> EXERCISE GOAL
Your answer must consist of the records exactly as given, with no pictures included.

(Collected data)
───
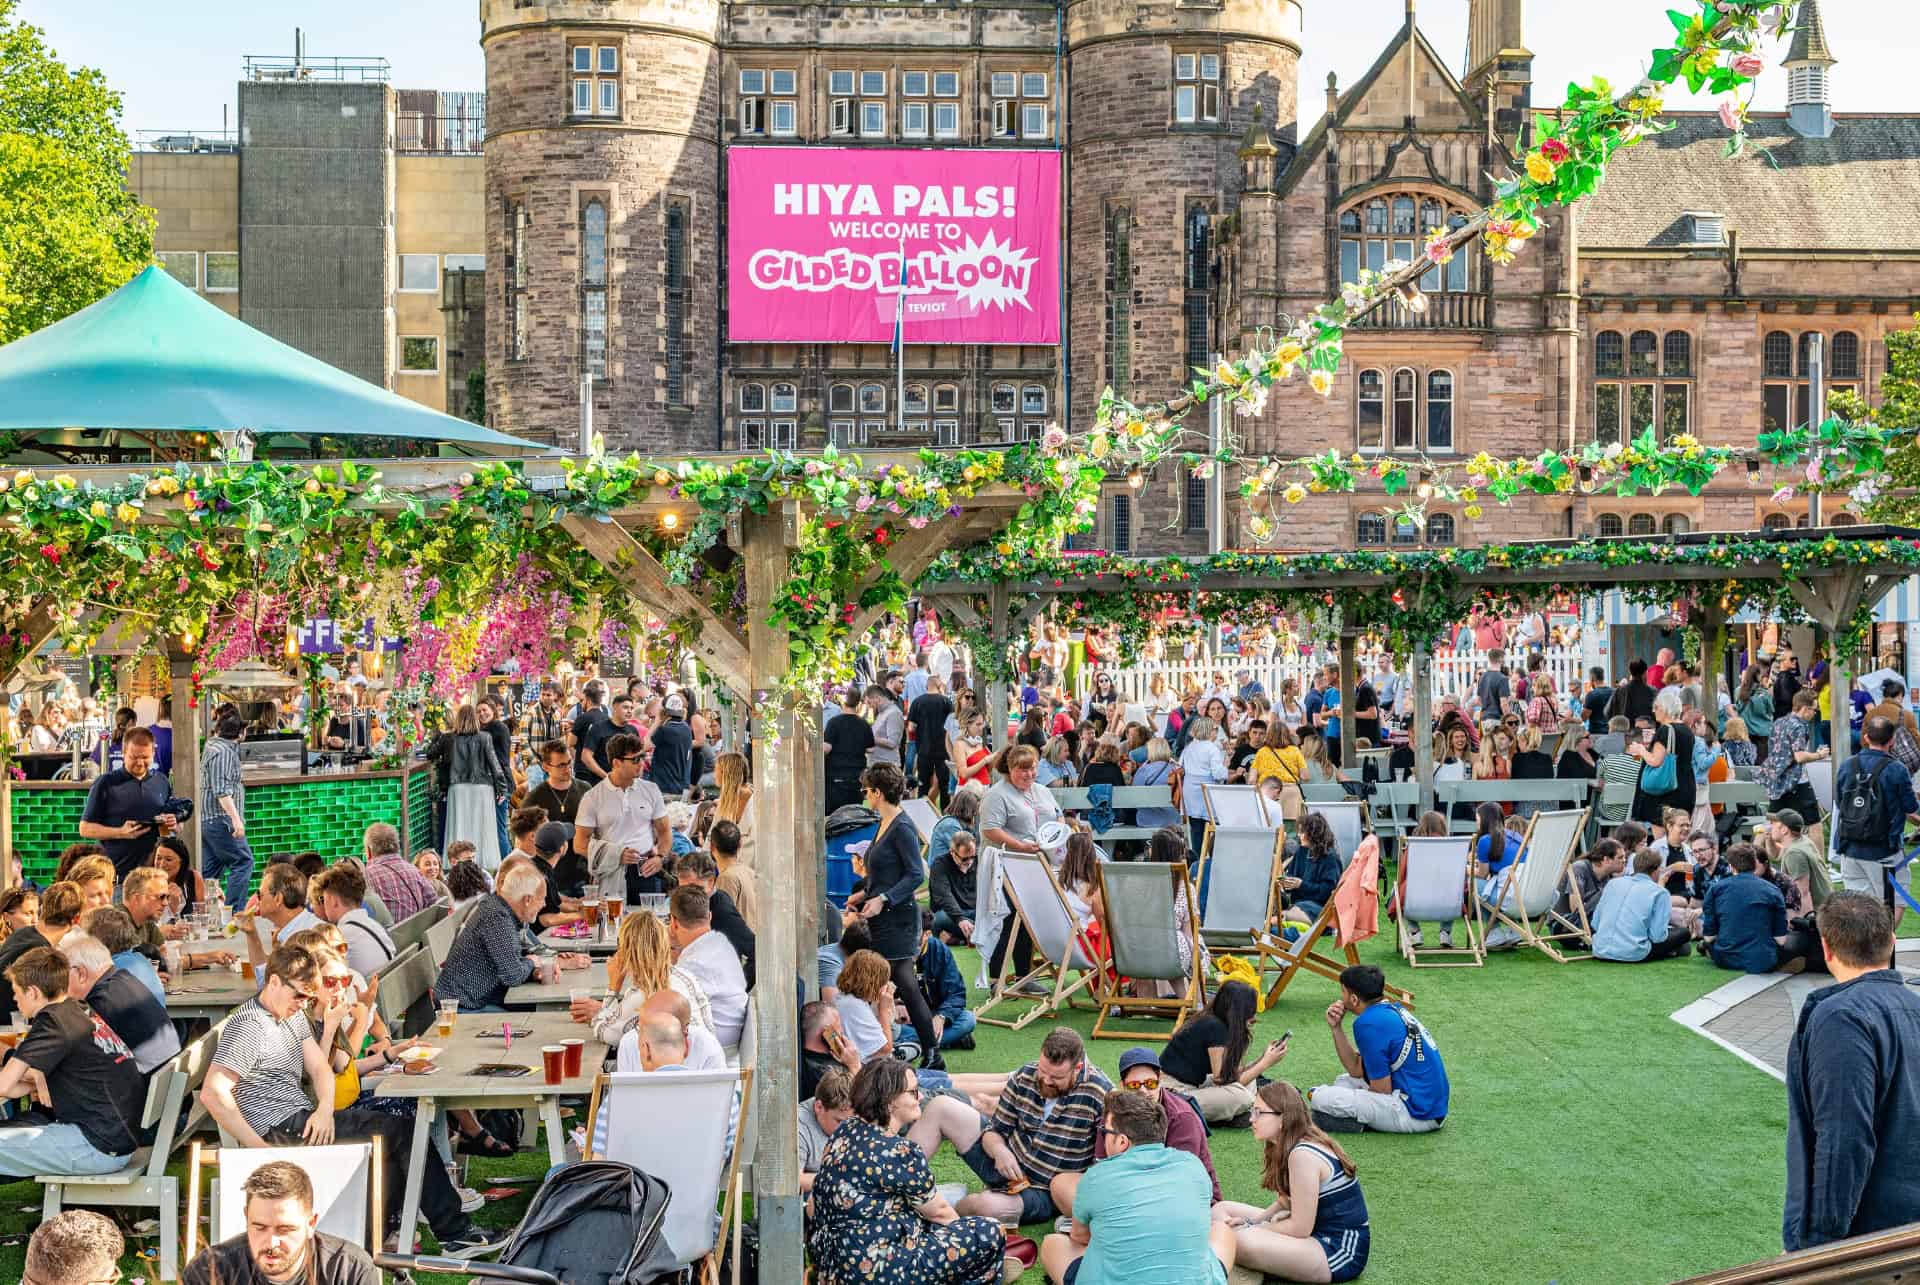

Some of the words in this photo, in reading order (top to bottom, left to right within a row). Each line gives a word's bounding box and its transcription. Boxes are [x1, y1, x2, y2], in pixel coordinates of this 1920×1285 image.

[774, 183, 881, 215] HIYA
[893, 185, 1016, 218] PALS!
[829, 221, 930, 239] WELCOME
[934, 223, 961, 239] TO
[753, 250, 872, 288] GILDED
[878, 254, 1024, 290] BALLOON
[907, 301, 946, 313] TEVIOT
───
> TASK ANSWER
Some of the words in this photo, in reading order (top to bottom, left to right within a row). Each line gives a word's bounding box and its transcription. Boxes are [x1, y1, x2, y2], in pixel coordinates of this 1920×1285 image.

[774, 183, 881, 215] HIYA
[893, 185, 1016, 218] PALS!
[829, 221, 930, 239] WELCOME
[934, 223, 961, 239] TO
[753, 250, 872, 288] GILDED
[878, 254, 1024, 290] BALLOON
[907, 301, 946, 313] TEVIOT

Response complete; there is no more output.